African music includes Afrobeat, Fuji, Highlife, Makossa, Kizomba, and Juju and Juju-influenced genres, including Juju and Fuji. In West African music, Sylviane Diouf and ethnomusicologist Gerhard Kubik claim that Muslim regions incorporate elements of Islamic music, whereas non-Muslim areas are more affected by indigenous traditions.
According to Sylviane Diouf and Gerhard Kubik, Muslim countries absorb elements of Islamic music, whereas indigenous traditions more influence non-Muslim regions.
“Words that seem to quiver and shake” the vocal cords, dramatic changes in musical scales, and nasal intonation are all part of traditional Muslim West African music. The Islamic call to prayer is also incorporated into this music, first performed by an Abyssinian African Muslim named Bilal ibn Rabah in the early 7th century.
Muslim West African singers “employ melisma, wavy intonation, and so forth” as a remnant of the region’s contact with the Maghreb’s Arabic-Islamic civilization from the seventh and eighth centuries, according to Kubik.
According to Kubik, Muslim West Africans traditionally preferred stringed instruments (including the forebears of the banjo), whereas non-Muslim West Africans preferred drumming as an instrument.
African traditional music instruments include:
- Djembes.
- Water drums.
- Bougarabous, Ngoma drums (or engoma drums) in West Africa.
- Several varieties of Ngoma drums in Central and Southern Africa.
The other percussion instruments offered include the kosika (kashaka), rain sticks, bells, and wood sticks. Different varieties of drums, flutes, and strung and wind instruments can also be found in Africa.
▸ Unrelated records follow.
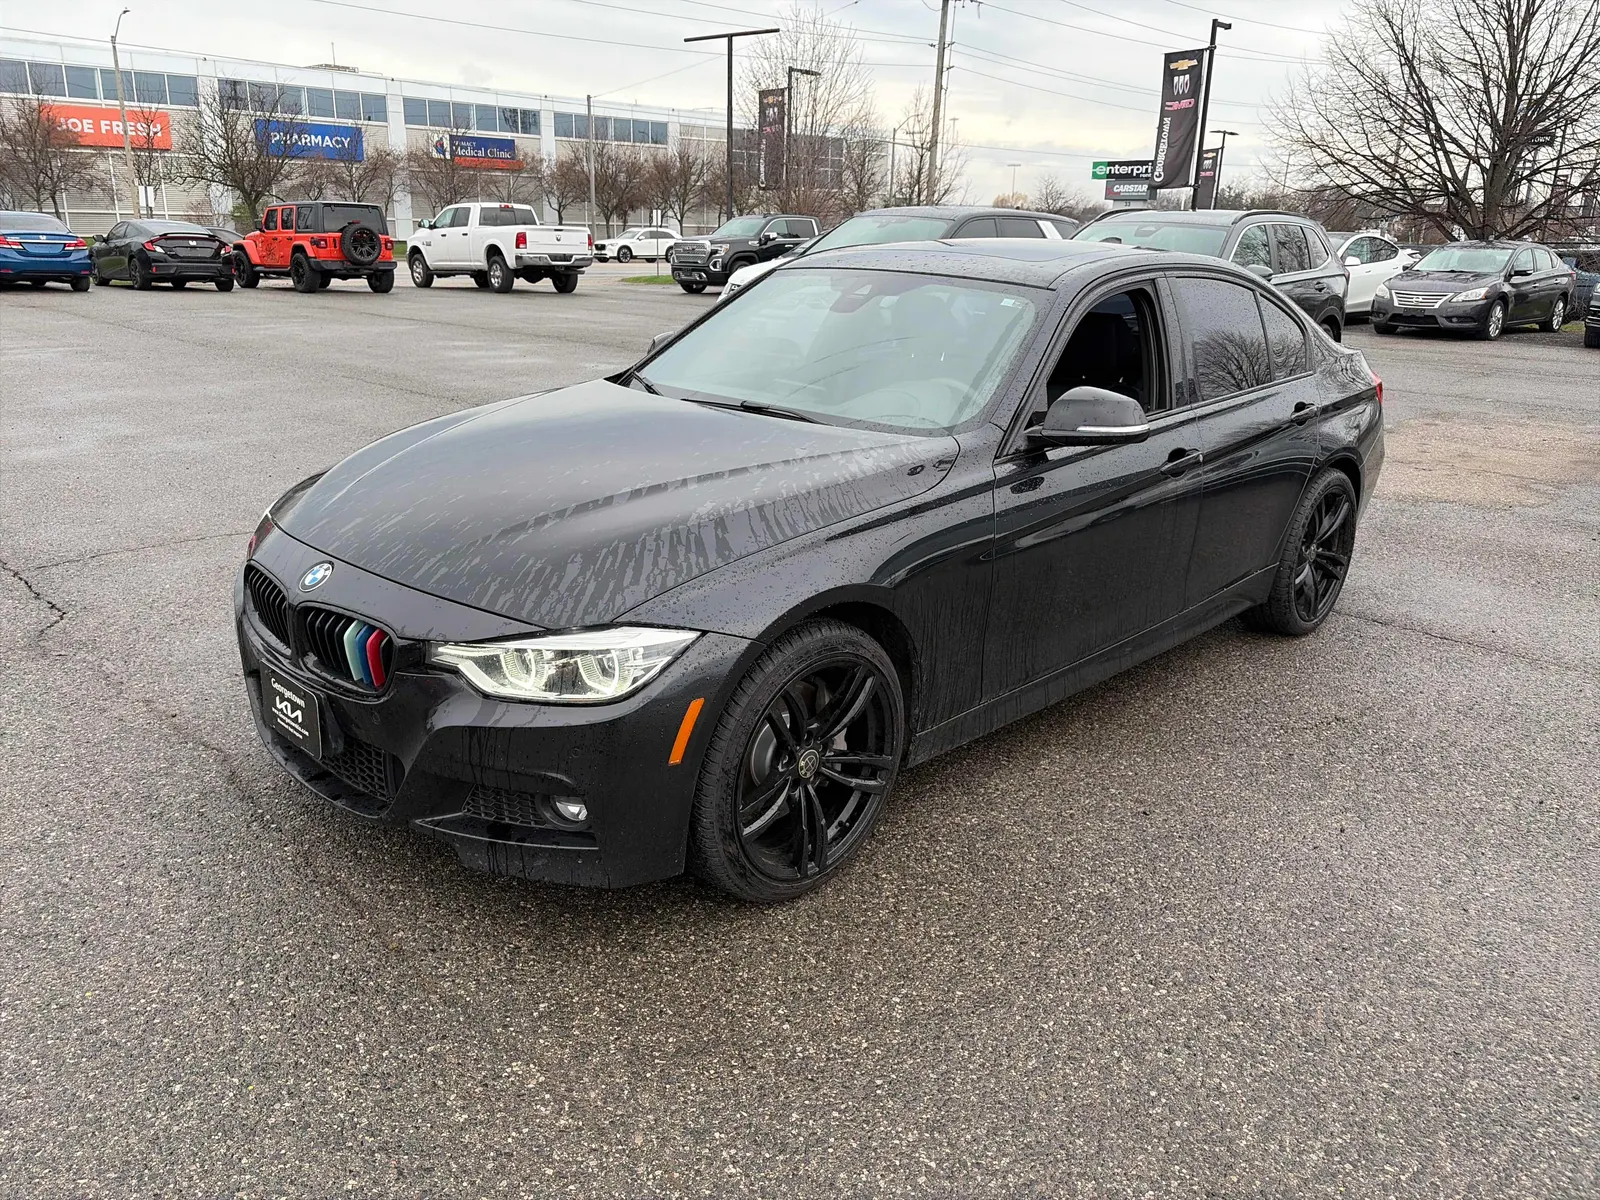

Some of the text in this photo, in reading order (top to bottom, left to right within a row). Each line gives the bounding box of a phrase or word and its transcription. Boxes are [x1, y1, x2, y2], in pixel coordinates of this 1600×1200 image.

[57, 118, 162, 137] JOE FRESH
[270, 132, 350, 148] PHARMACY
[487, 148, 512, 158] Clinic
[1092, 162, 1152, 177] enterpri
[1113, 184, 1148, 192] CARSTAR
[271, 678, 305, 708] Georgetown
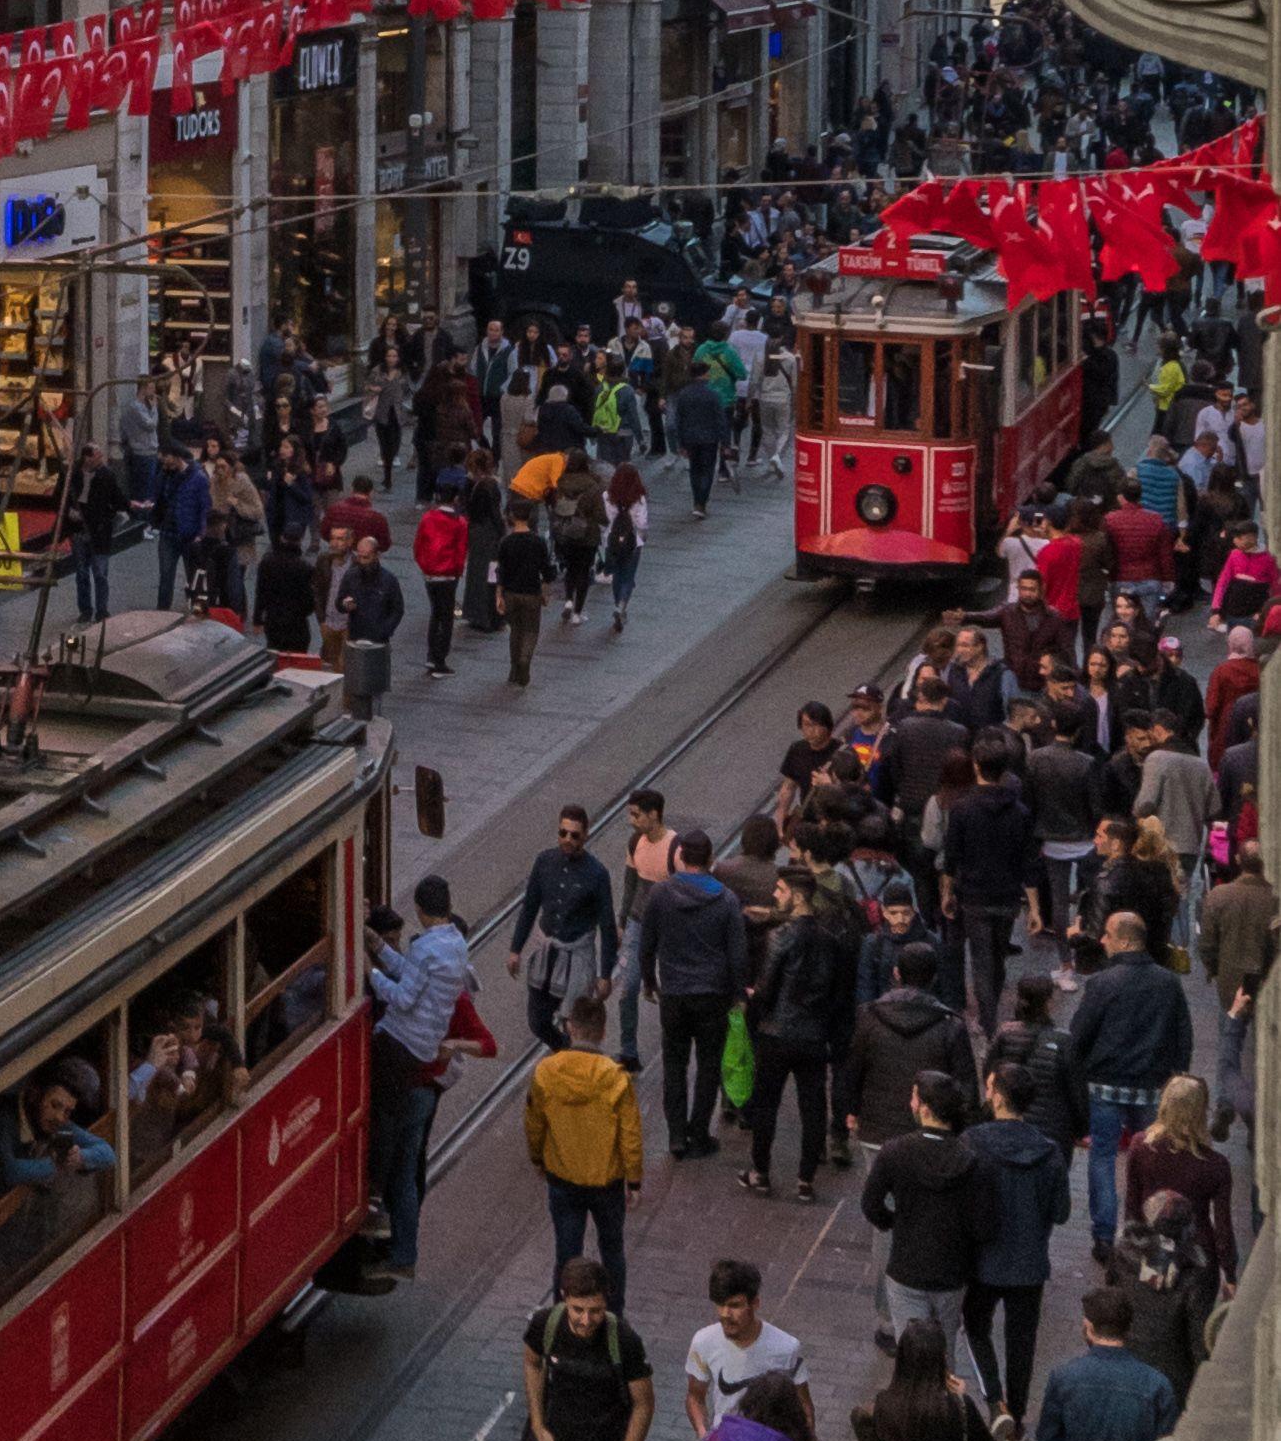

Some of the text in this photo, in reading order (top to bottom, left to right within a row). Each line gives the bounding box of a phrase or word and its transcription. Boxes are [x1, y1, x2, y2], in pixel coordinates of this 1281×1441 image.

[175, 110, 221, 142] TUDORS
[886, 234, 897, 249] 2
[504, 247, 531, 271] Z9
One of the most general aspects of Sub-Saharan music is polyrhythms, which is also one of its most distinguishing characteristics. To be able to play numerous rhythms at the same time, various instruments have been created expressly for this purpose.
Some instruments, such as the mbira, kalimba, kora, ngoni, and dousn’gouni, arrange notes, not in a single linear sequence from bass to treble but instead in two different rank arrays, making it easier to play cross-rhythms. American devices of the twentieth century show that this theory is still relevant. Gravi-kora and gravikord are examples of new modern manifestations of this principle.
History
It’s no secret that African music has undergone some crucial alterations. The music of Africa today may be very different from the music of Africa in the past. Furthermore, there has never been a time when African music was exclusively linked with a single ethnic group. The unique voice of the musician and his or her style and originality have always been important in the music business.
Other material sources include archaeological and other artefacts, pictorial sources such as petroglyphs and rock drawings and written accounts of African travels, field notes written in African or European languages, musical notations, and photographs videotapes that can be used for the study of African music history.
According to historical documents, the musical traditions of Sub-Saharan Africa formerly spread as far north as North Africa. Climate changes in the Sahara between 8000 and 3000 BC allowed savanna vegetation and wildlife to extend into the southern and central regions of the Sahara and its mountains.
When humans settled in the Sahara, they began to spread along rivers and tiny lakes, bringing Neolithic, or New Stone Age, cultures with a so-called aquatic lifestyle. If you are a Nigerian.
A slow breakdown of aquatic cultures occurred between 5000 and 3000 BC when the wet period’s pinnacle had passed. Due to global warming, the damp climate became increasingly restricted to diminishing lakes and rivers and the upper Nile region. In the Lake Chad region and the Nile wetlands, remnants of the old civilization can still be found.
Rock paintings from the “Green Sahara” region are a treasure trove of iconographic material, including some of the first internal sources on African music. An anthropologist who studied Algeria’s Tassili n’Ajjer plateau in 1956 discovered a flourishing dancing culture that is still there today. Based on stylistic factors, this painting has been dated to the Neolithic hunter period in the Sahara (c. 6000–4000 BC), making it one of the earliest examples of music and dancing in Africa. Several African civilizations’ body ornamentation and movement style are represented in their traditional dance traditions.